Exercise objective |
Could you output the listing that follows exactly, without its images?

Data to process |
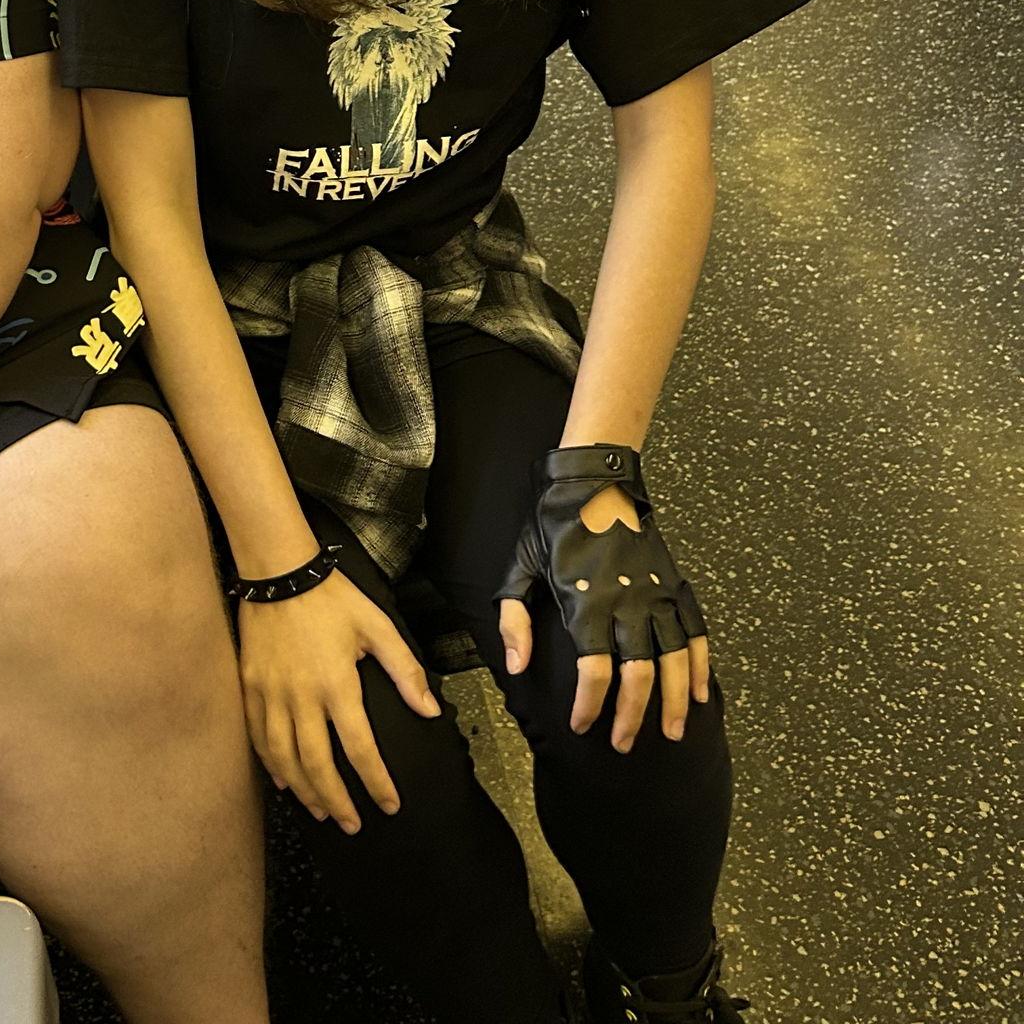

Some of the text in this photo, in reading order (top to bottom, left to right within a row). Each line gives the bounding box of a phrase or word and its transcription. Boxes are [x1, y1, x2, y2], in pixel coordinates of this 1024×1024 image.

[275, 128, 481, 182] FALLING
[272, 172, 308, 199] IN
[71, 276, 146, 375] 東京
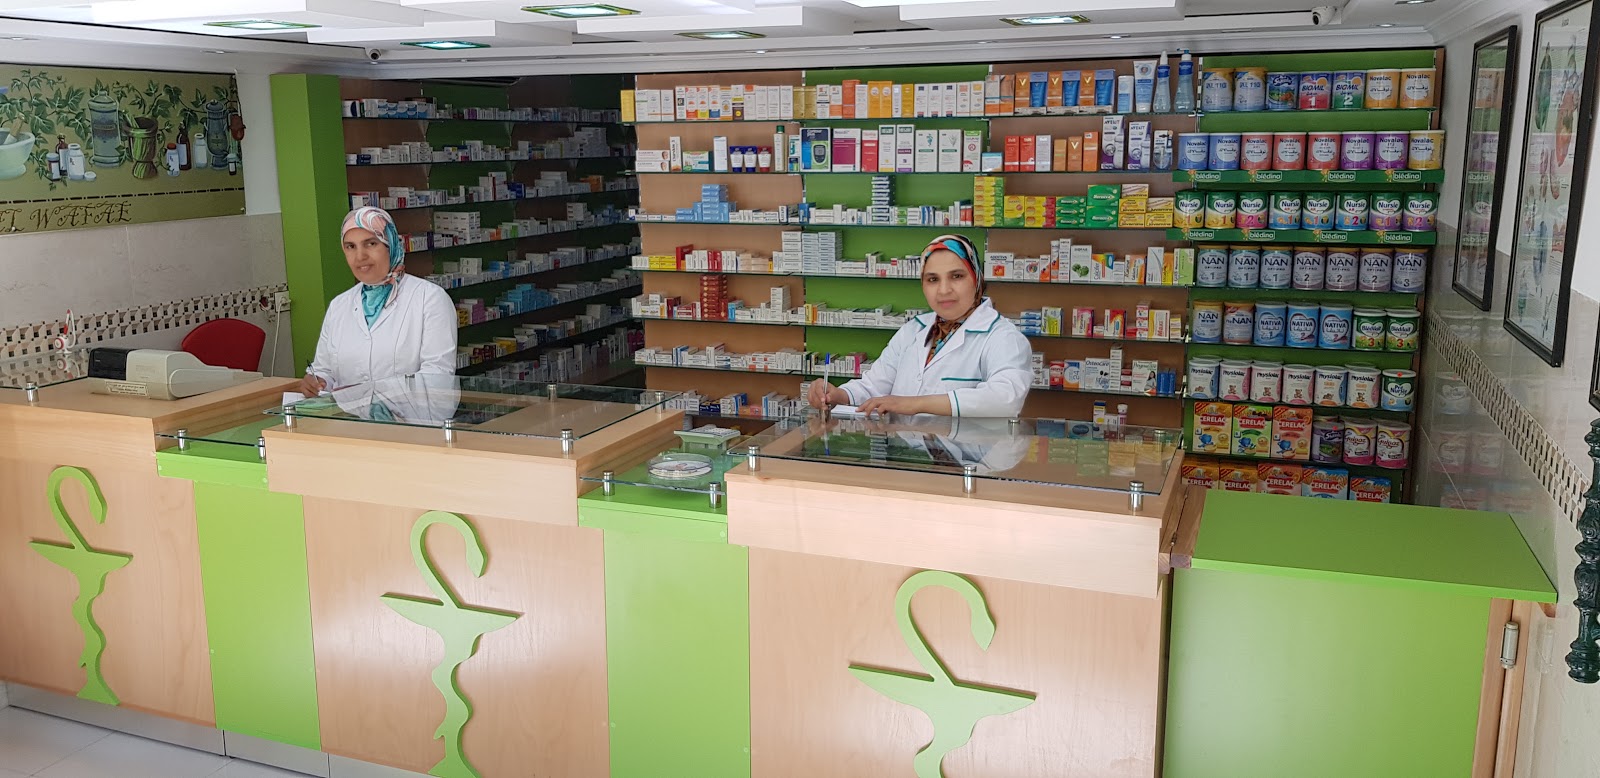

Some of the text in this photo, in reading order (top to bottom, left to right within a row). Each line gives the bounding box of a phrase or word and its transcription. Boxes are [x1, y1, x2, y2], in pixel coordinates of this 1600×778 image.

Response area |
Some of the text in this photo, in reading order (top to bottom, left to right within a row). Each line gives the bounding box of a phrase or word and its transcription. Boxes are [x1, y1, x2, y2], in pixel coordinates of this 1024×1024 image.

[275, 128, 481, 182] FALLING
[272, 172, 308, 199] IN
[71, 276, 146, 375] 東京

Some of the text in this photo, in reading order (top to bottom, left to right within a row). Each line gives the bounding box of a phrase or word and its transcription. Boxes are [x1, y1, x2, y2], in pixel coordinates of this 1600×778 image.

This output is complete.